Di essere dipinto come un disonesto, un infame o un ladro però non lo accetto, tantomeno da chi con la sua noncuranza ha consentito a migliaia di partite iva ben più facoltose di me di richiedere legittimamente il medesimo bonus.

È comodo puntare il dito contro qualcuno per nascondere le proprie mancanze.

Ma è ancor più comodo (nonché molto triste) cavalcare la rabbia delle persone per provare a riprendersi un po’ di consenso in vista del referendum sul taglio dei parlamentari o delle elezioni regionali.

A me questo tiro al piccione, ve lo devo dire, disgusta parecchio.

E sapete perché?

Perché significa non farsi il minimo scrupolo nel mettere alla gogna una persona pur di gettar fumo negli occhi di voi cittadini, illudervi che la colpa sia di chi in base a una legge dello Stato ottiene un contributo previsto per la sua categoria e non di chi quella legge è incapace di scriverla in modo che non vi siano eventuali distorsioni.

Per come hanno raccontato la vicenda sembra quasi che io abbia tolto i soldi a chi era in difficoltà, ma se ci pensate bene i soldi del bonus Inps alla fine sono euro uguali a quelli del bonus per ristrutturare casa o a quelli per rottamare l’auto.

Volete farmi credere che nessuno dei ‘moralizzatori’ abbia mai usufruito di questi soldi dello Stato perché in fondo guadagnava già abbastanza e bastava la spinta ambientalista?

Quanti altri soldi ci hanno fatto perdere quegli stessi politici che ora mi attaccano con la loro incompetenza?
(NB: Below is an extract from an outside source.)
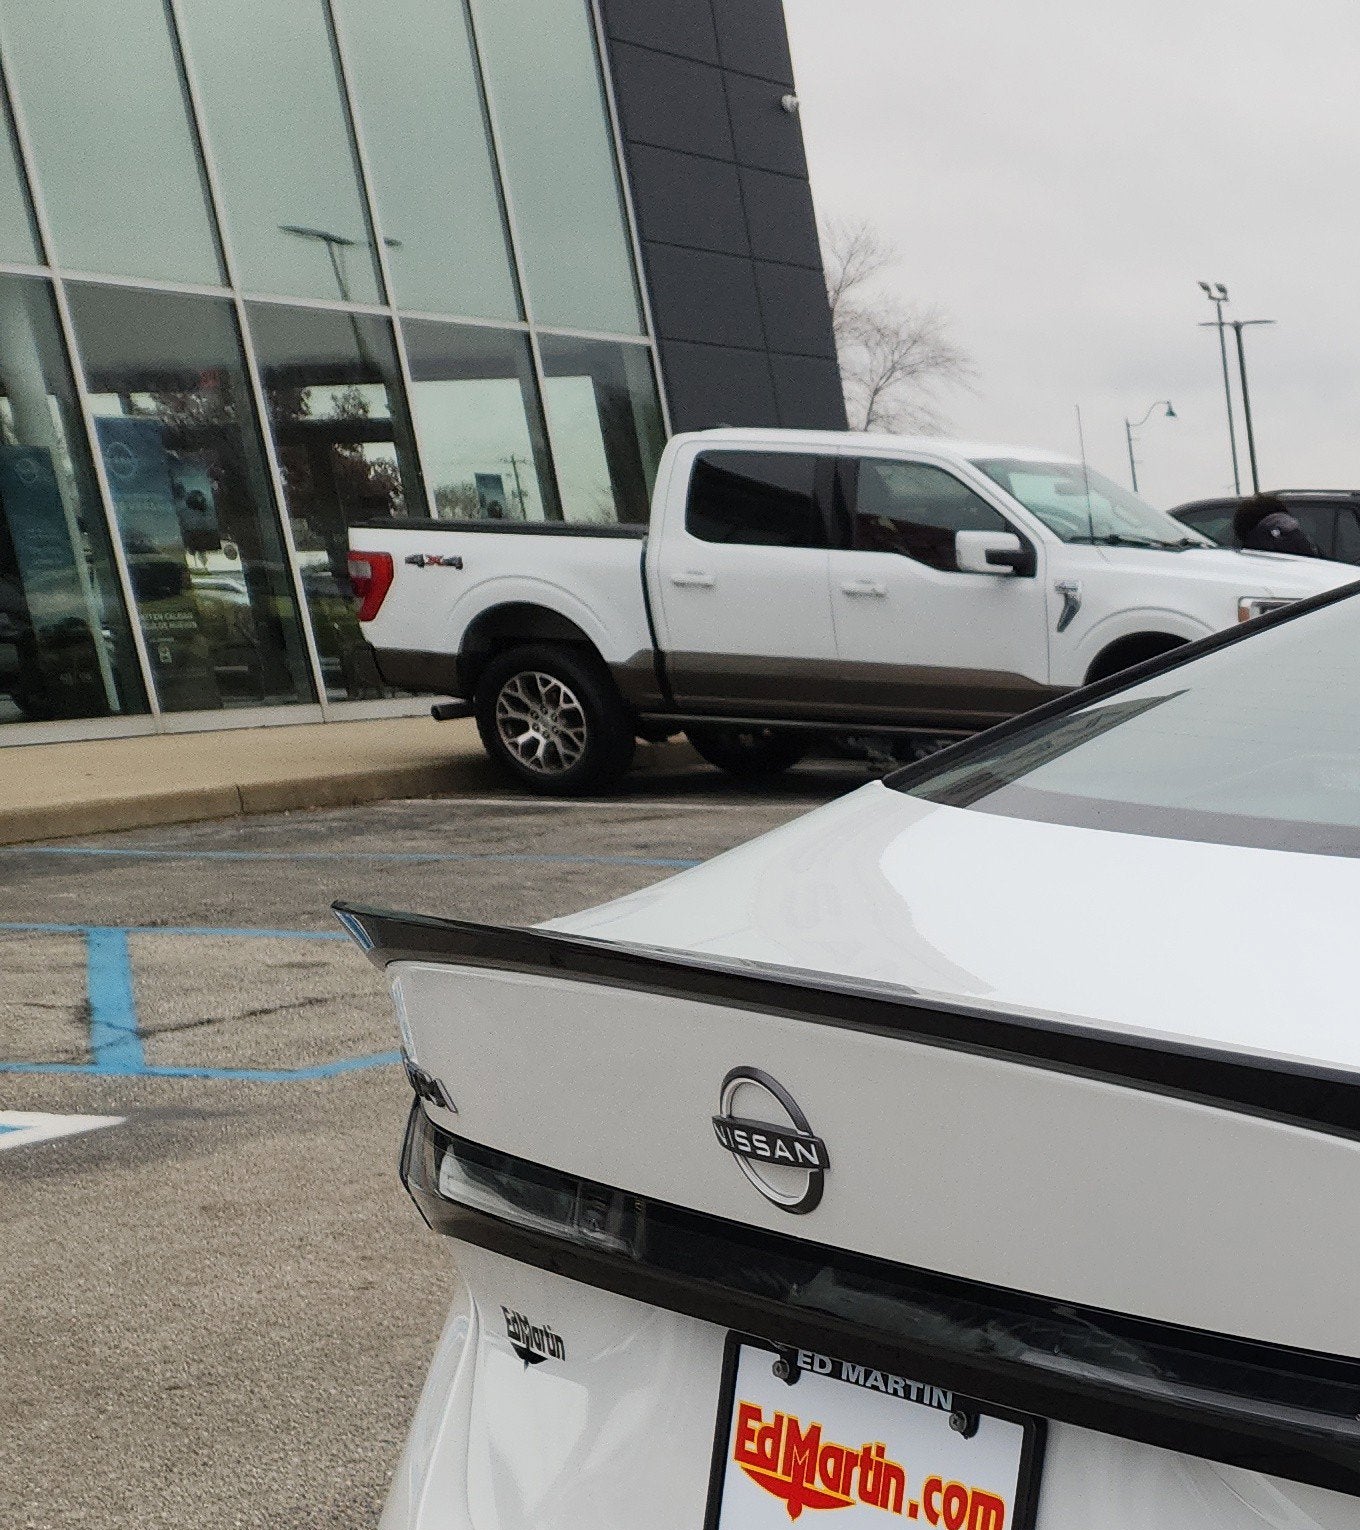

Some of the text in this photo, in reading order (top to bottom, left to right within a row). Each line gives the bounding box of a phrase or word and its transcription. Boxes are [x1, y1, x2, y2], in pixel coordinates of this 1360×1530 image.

[712, 1121, 821, 1166] NISSAN
[797, 1351, 954, 1411] ED MARTIN
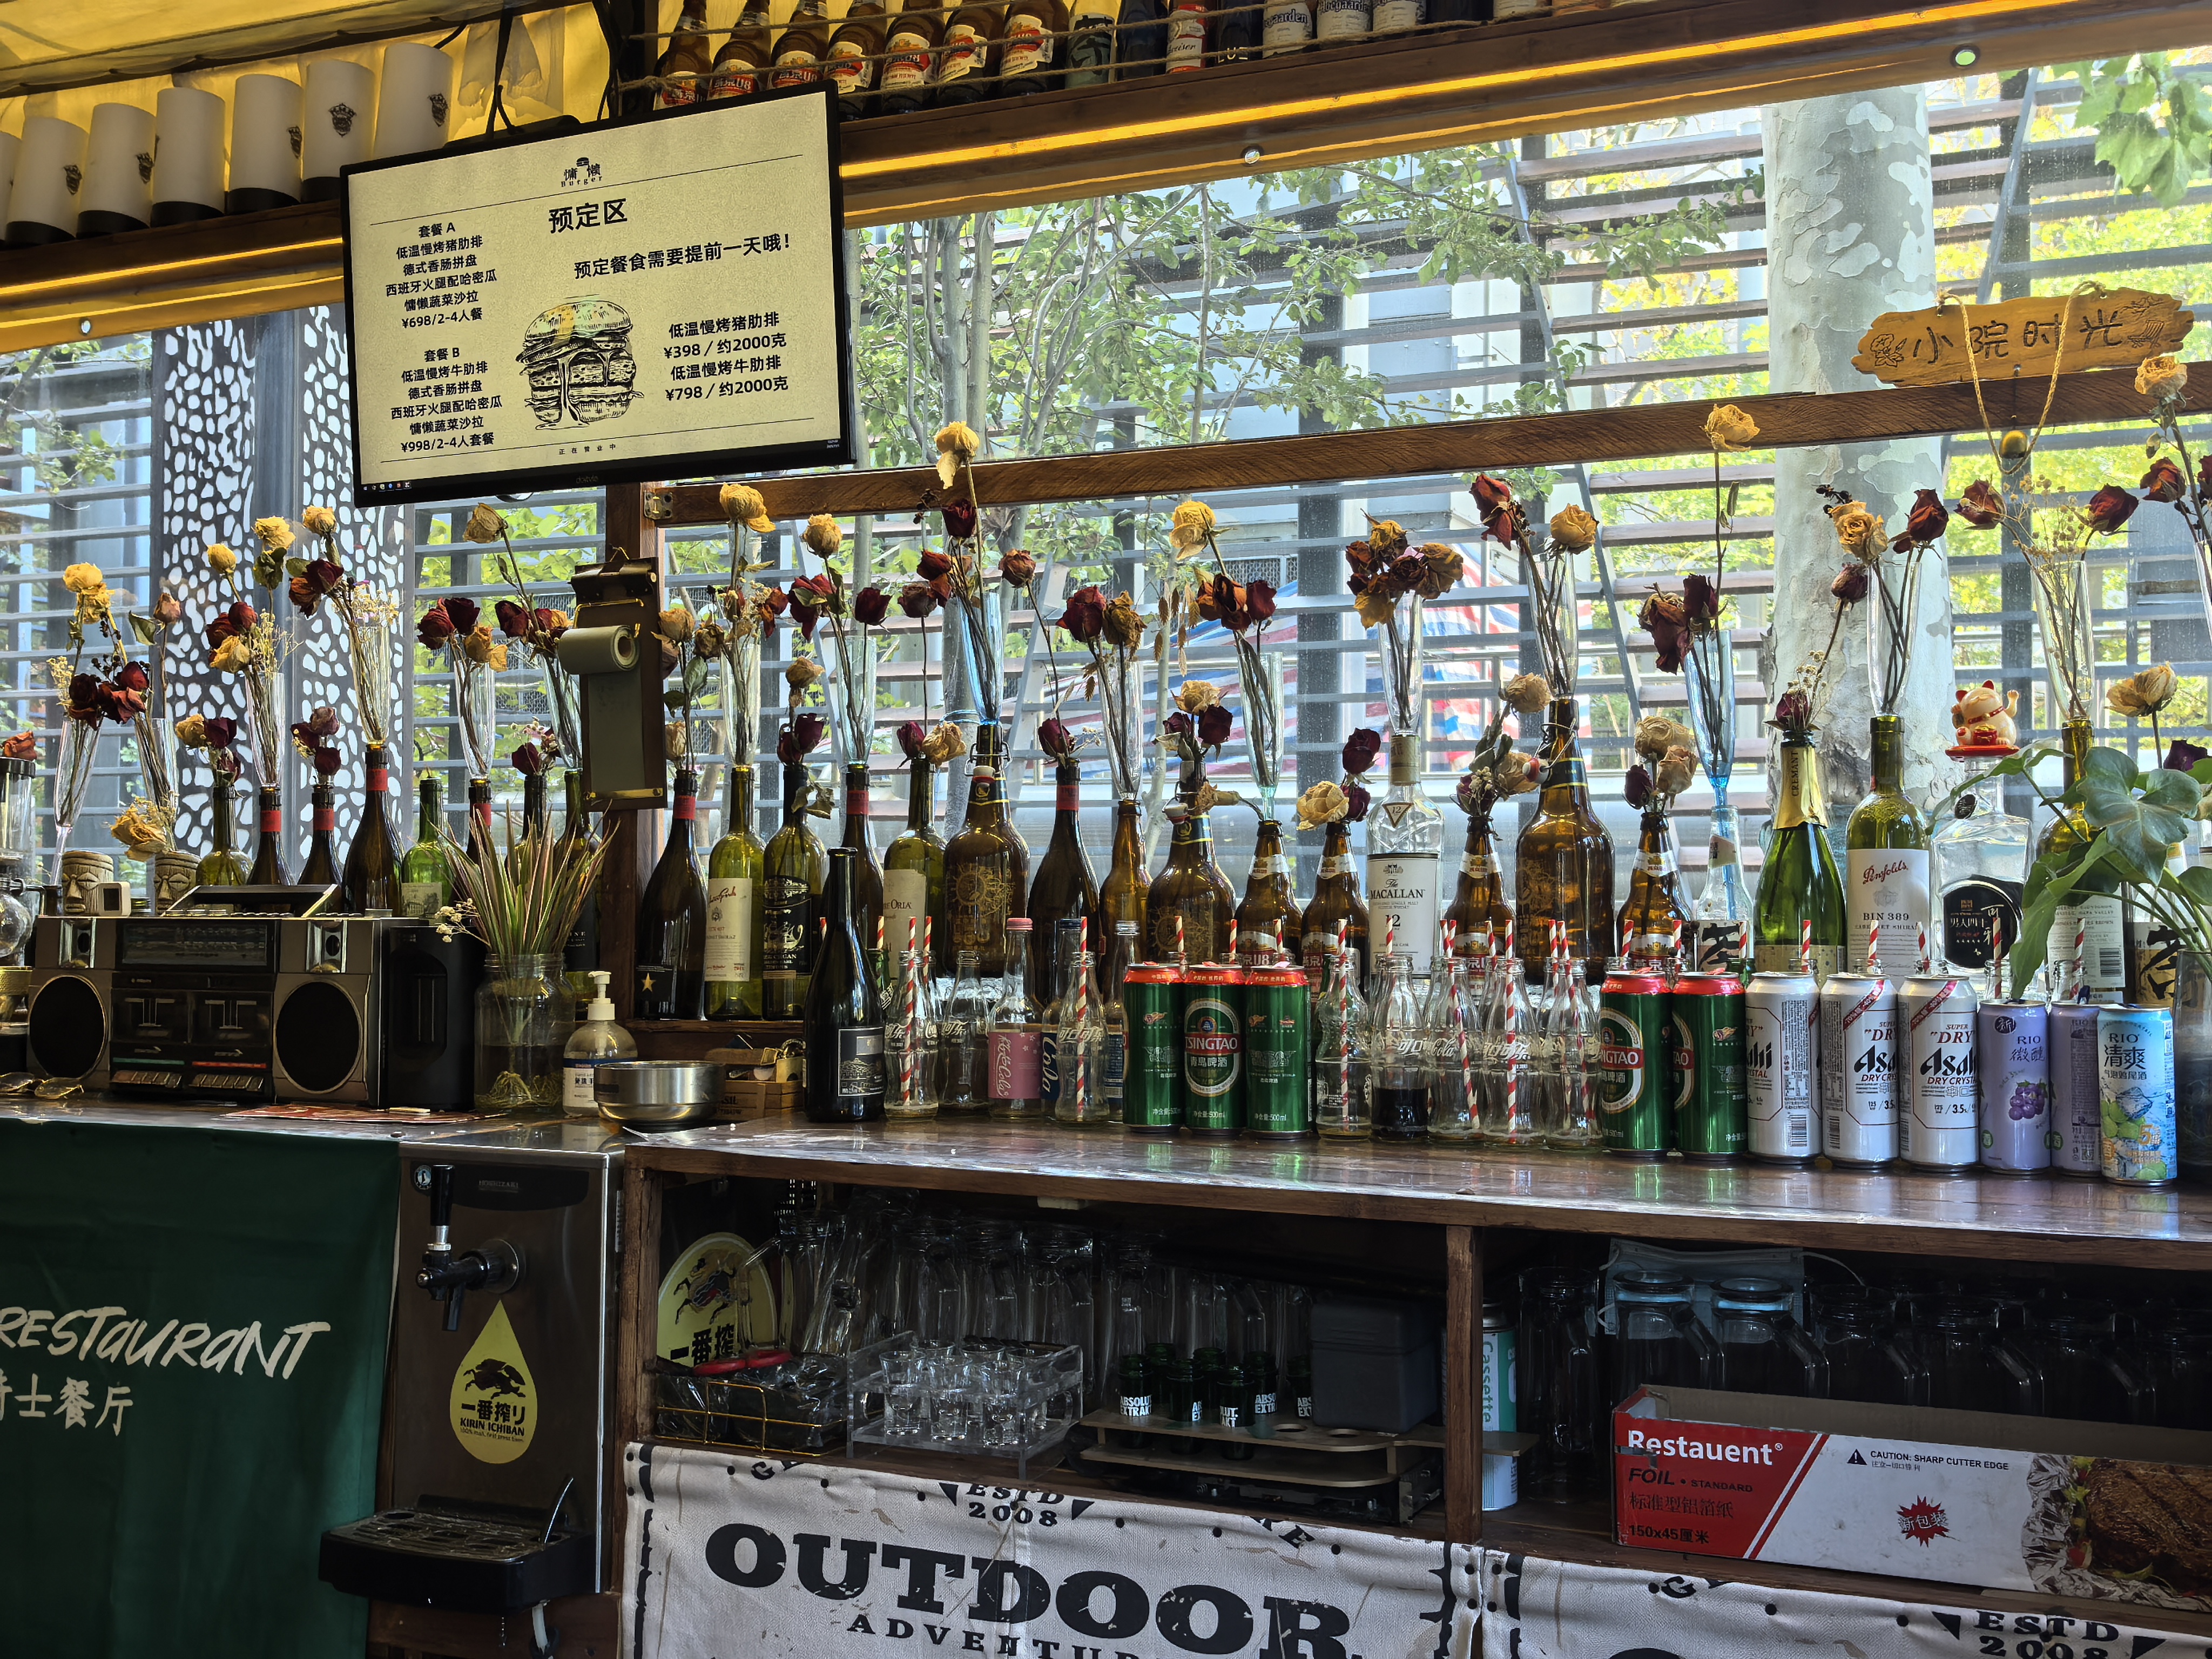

Qualcuno parla di morale. Punti di vista: per me sono immorali gli evasori, i ladri, che però in questo Paese sono tutelati dalla privacy.

E allora voglio lanciare una sfida ai colleghi parlamentari e allo stesso Garante della privacy che sull’onda del populismo più becero hanno chiesto di fare i nomi dei Parlamentari che hanno ottenuto (ripeto lecitamente) il bonus.

Perché non pubblichiamo, come già fanno in 17 Stati europei, i nomi di chi ha veramente rubato risorse allo Stato evadendo le tasse?

Concludo rivolgendomi a tutti quegli italiani che si sono sentiti in qualche modo delusi da me: non sono come mi hanno dipinto e lo dimostrerò battendomi perché la grande farsa portata avanti da tempo da alcuni soggetti politici finisca presto, nel vostro interesse e nell’interesse del Paese tutto, perché chi pensa di ingannare il popolo con la caccia alle streghe e il populismo facile non ha capito che i cittadini sono più svegli di quanto si pensi.

Goccia dopo goccia il vaso trabocca.

E se è un vaso di Pandora, prima o poi, qualcuno lo dovrà aprire”.